GWT is a more-or-less open-source project. While it is indeed open-source (you can look at the code), the process of developing it depends heavily on closed-source, blackbox projects made by Google, that nobody really knows about or aren't allowed to say about.
For example: it was said that "Google uses GWT 2.8 beta internally, so it is pretty stable". Which projects? Who are the folks involved in those projects? How deep in the usage of GWT on those projects? Nobody knows, and yet the development cycle of GWT is tied to it.
That's not true.
Google mirrors GWT code internally so "their GWT" is pretty close to "our GWT" (AFAIK there's one single commit that differs, the one that upgrades Jetty and HTMLUnit)

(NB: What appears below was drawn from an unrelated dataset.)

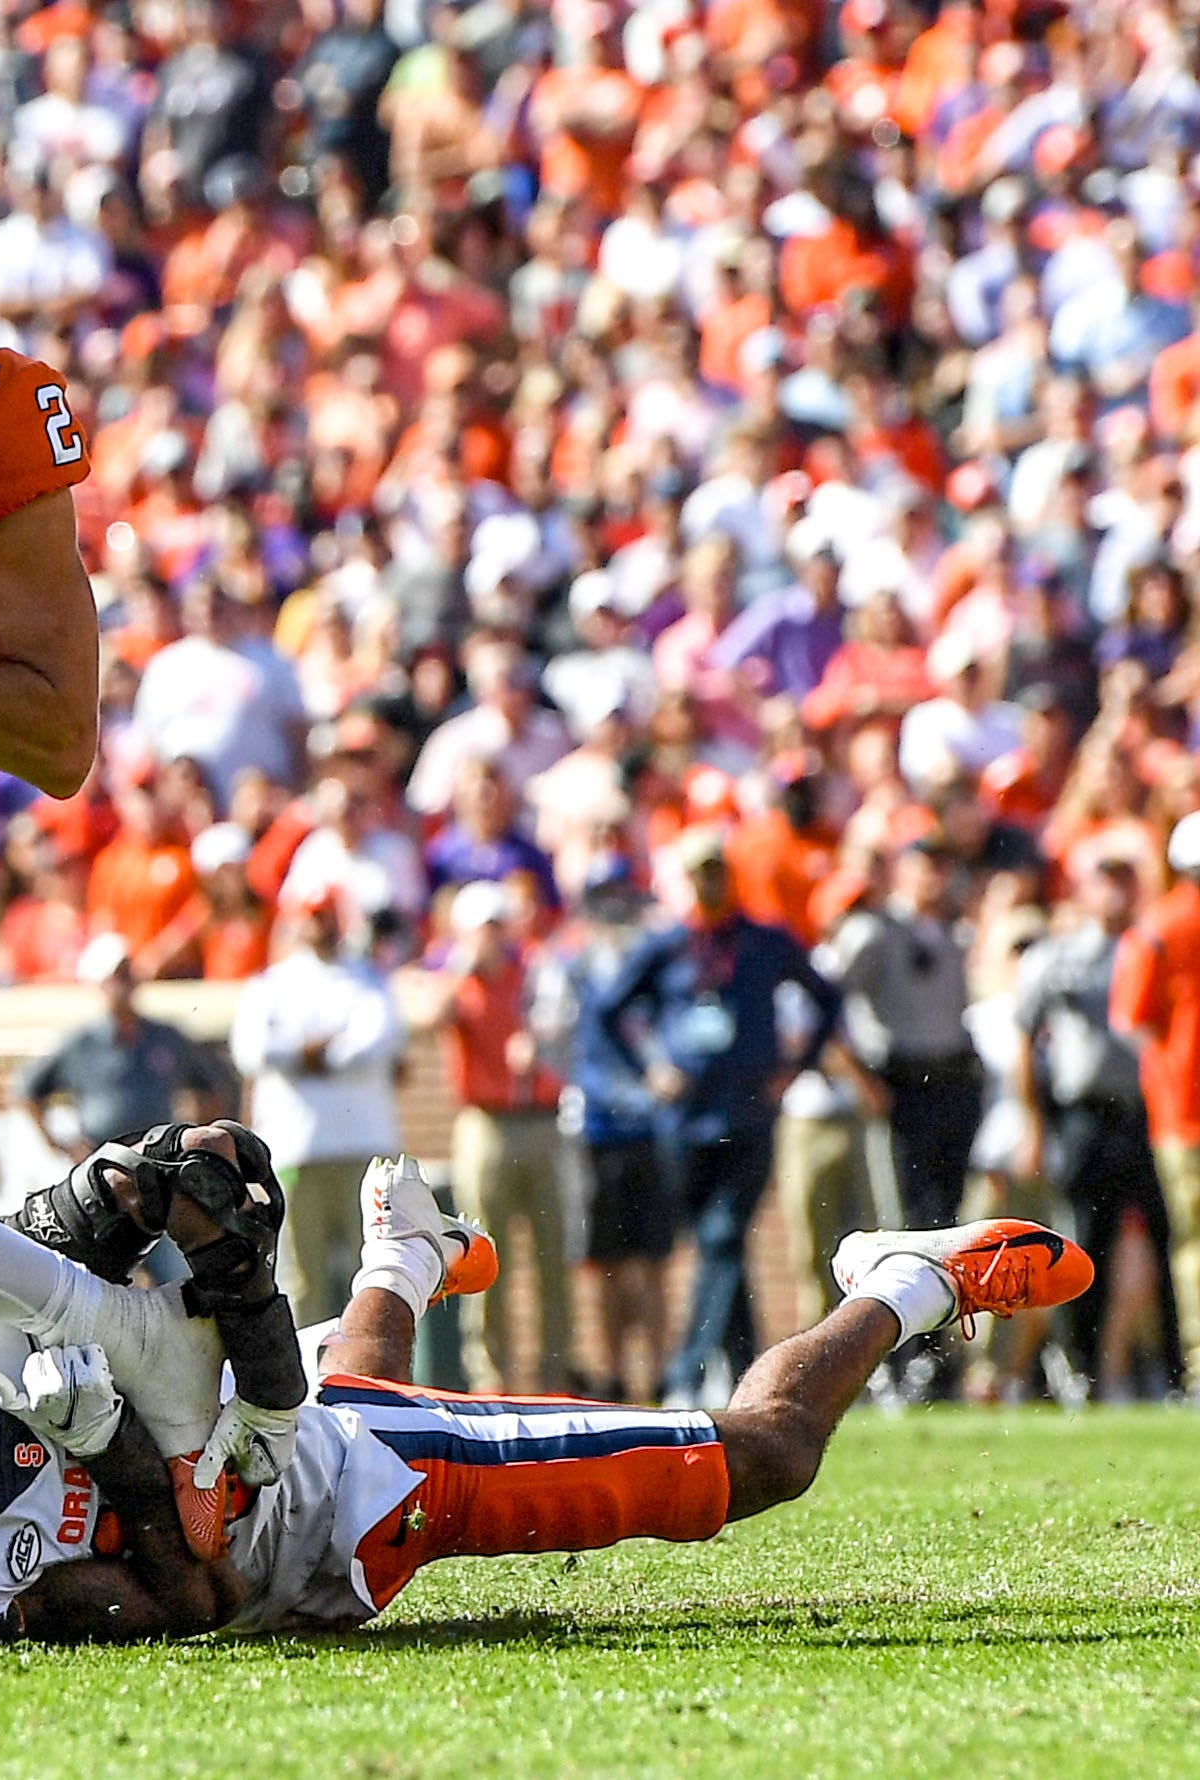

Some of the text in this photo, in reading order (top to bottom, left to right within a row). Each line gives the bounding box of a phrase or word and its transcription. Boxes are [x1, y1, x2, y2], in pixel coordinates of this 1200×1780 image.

[35, 382, 83, 467] 2
[14, 1443, 44, 1468] S
[56, 1451, 93, 1545] ORA
[13, 1530, 36, 1574] ACC

Google uses a "monorepo", where everything is in a single source repository, including GWT. This means there's no "release", every dependency is a "snapshot"; so Google does not use "2.8 beta", it uses "master" (at the point they synchronized with the open-source repo, modulo internal changes, like the commit I mentioned above that they didn't sync internally –if you want the details, that's because they can't depend on Servlet API 3.1, so they have to keep the older Jetty–, and they also already deleted legacy devmode).
What we do not know for sure is what parts of GWT they're using and which ones they're not. We know they're using widgets and GWT-RPC, because Google Groups, the very webapp I'm typing this message in, is built with GWT and uses widgets and GWT-RPC (other GWT-based webapps, such as Google Flights, also use widgets BTW). And we know they don't use Request Factory, the Editor Framework, or JSR 303 Bean Validation. We also know they don't use com.google.gwt.dev.DevMode to run their apps, their only dependency on Jetty (for example) is the "internal" use in JUnitShell and CodeServer, but they're not using it to run webapps: they don't rely on web.xml, webapp classloader specific behavior, JSPs, etc. Rather, they (apparently) use CodeServer and run their webapps separately.
So GWT is not only internal to Google since the creation of the steering group, but still it depends heavily on Google - and it is not advertised as it used to be (like on Google I/O and other presentations).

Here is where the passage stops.